After the movie showing the night before, the sailing team of Matt, Dave, Cathy and me were up at 4:00am to work through the pre-departure tasks – retrieve the stern anchor, stow everything low, put up the lee clothes, close all the hatches, check the course and then pull up the anchor.
We were away by 5:00am and with everything in good hands I slipped back into bed. It was Cathy that came to wake me around 6:45am and seeing my initial alert response started out with … “it’s OK, everything’s fine … just checking where we should anchor … we are already here”
A temporary anchorage close to the village was found and the medical team were all up and about at 7-7:30am having breakfast as Bob, Gibson and I took the dinghy in through the coral reef to organize the transport of gear ashore, which was all completed by 8:00, with the team ashore for the brief walk to the village. The tide was dropping fast and so the crew took Chimere further down the coast in search of a better place to stop for the night.
Thinking we were close to the best anchorage we dropped the pick and Matt and I went the short distance to shore where we found a group of 4 local blokes involved in a Red Cross funded water reticulation program – all willing to come out to the boat and help us find the right anchorage.
Later, after we’d anchored, another man appeared on the shore – Chief Richard, who we brought back for lunch and tea. We showed all 5 men the mud brick stove video and gave them a copy, plus a mould and instruction manual. It was a happy time and all committed to giving it a go.
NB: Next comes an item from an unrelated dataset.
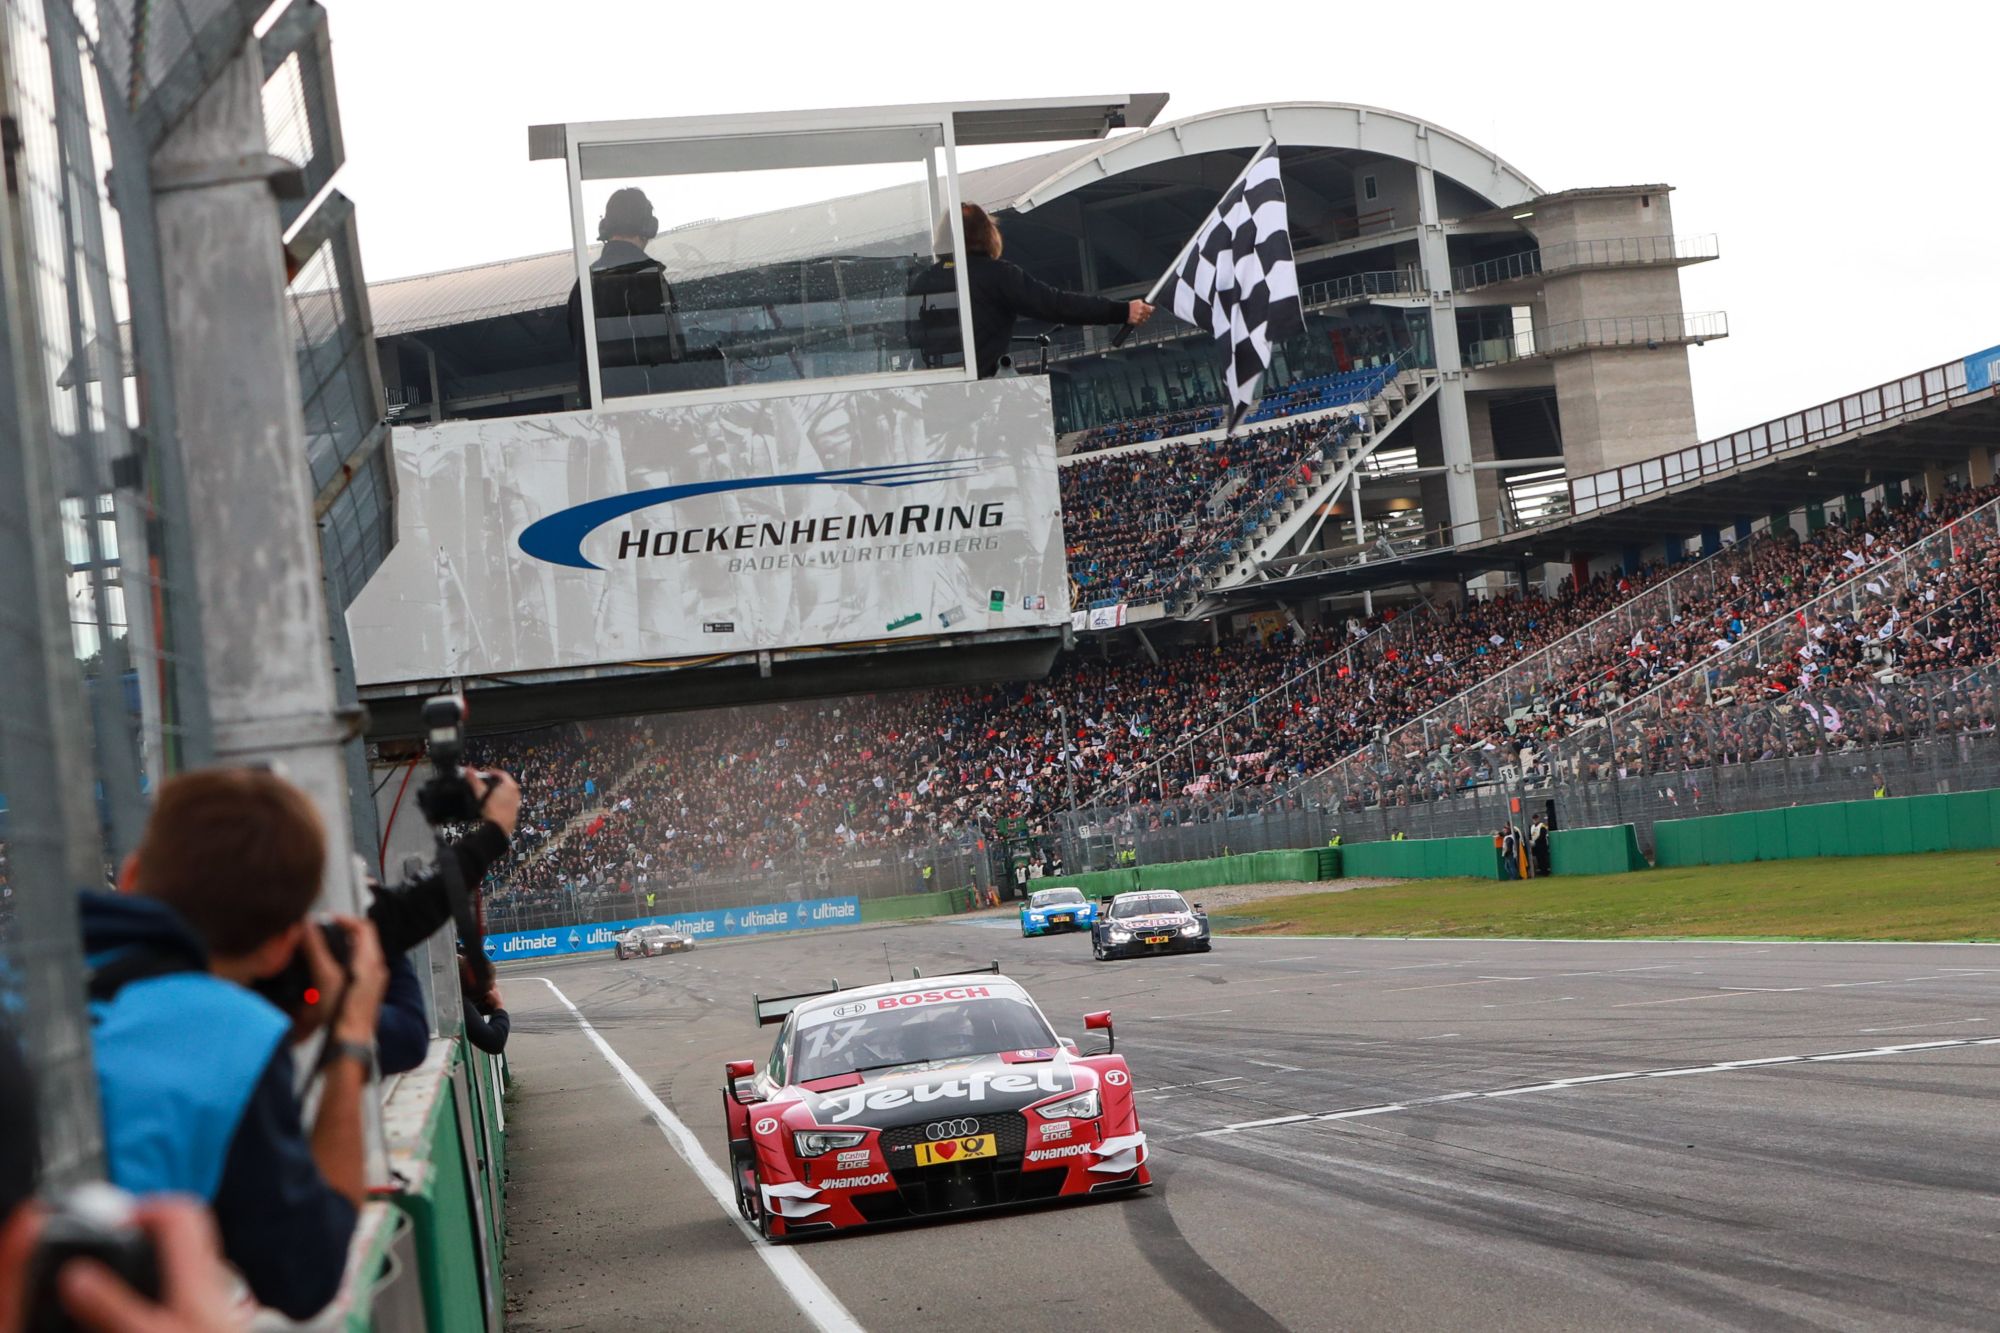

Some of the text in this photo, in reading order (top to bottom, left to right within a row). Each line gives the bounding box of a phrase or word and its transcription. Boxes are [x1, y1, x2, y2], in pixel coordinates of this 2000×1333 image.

Mid afternoon, Dave, Cathy and I did the 20 minute dinghy ride back down the coast to the clinic to see how things were going – radio communications not extending that far. We discovered that the local 4wd couldn’t make it to where the yacht was anchored.
In fact the track only extended a short distance down the coast and after all it was a 2hr walk – for a local! At this point Barry said he’d like to walk, he liked walking, but I think part of the issue was that he wasn’t keen to get back in that 4wd ute again – not after seeing that the brakes consisted of a man with two rocks who jumped out to put them under the wheels and it constantly needed pushing to start.
So it was agreed, David, Cathy and I would zip back down the coast to the yacht, up anchor, bring Chimere to the coast off the village, where we would “hover” just long enough to get everyone and everything back aboard. The tide was now back in, but light was fading fast and time was running out.
In the end we made it with minutes to spare, as darkness seems to fall quickly here, with our snorkeling activities earlier in the day revealing a patch of gravelly sand – a good place for the anchor to hold – where we’d dropped a small white buoy as a marker for our return.
The evening meal was another wonderful affair knocked up by Cathy – curry and rice with most retiring to bed early.
This morning it was pancakes for breakfast and then out for a snorkel before heading away north – which brings me to where we are now – just about to enter the island of Ureparapara. An amazing extinct volcano that you literally sail into the middle of. Check it out on Google.
Enough from me for now … we are thinking of showing a movie ashore tonight … including a health talk – “looking after your teeth” and “healthy body”
Stay tuned for the next installment.
Smooth seas, fair breeze and an earlier night than expected
PS We tried to show a movie tonight, but due to there being a community talk and presentation on family violence in the local meeting hut our commencement was delayed nearly 2 hours, then we discovered the speakers had been left on the boat, then when we’d got them we couldn’t get them to work. By the time this problem was solved the kiddies were facing an 11:00pm finish … not to mention the grown ups. So we showed a short film of our trip here in 2009 while I gave a commentary. Getting back to the boat through the breaking waves on the local beach was a wet affair for most – particularly torch-man David up front who took several waves in the face for the team!! What a guy.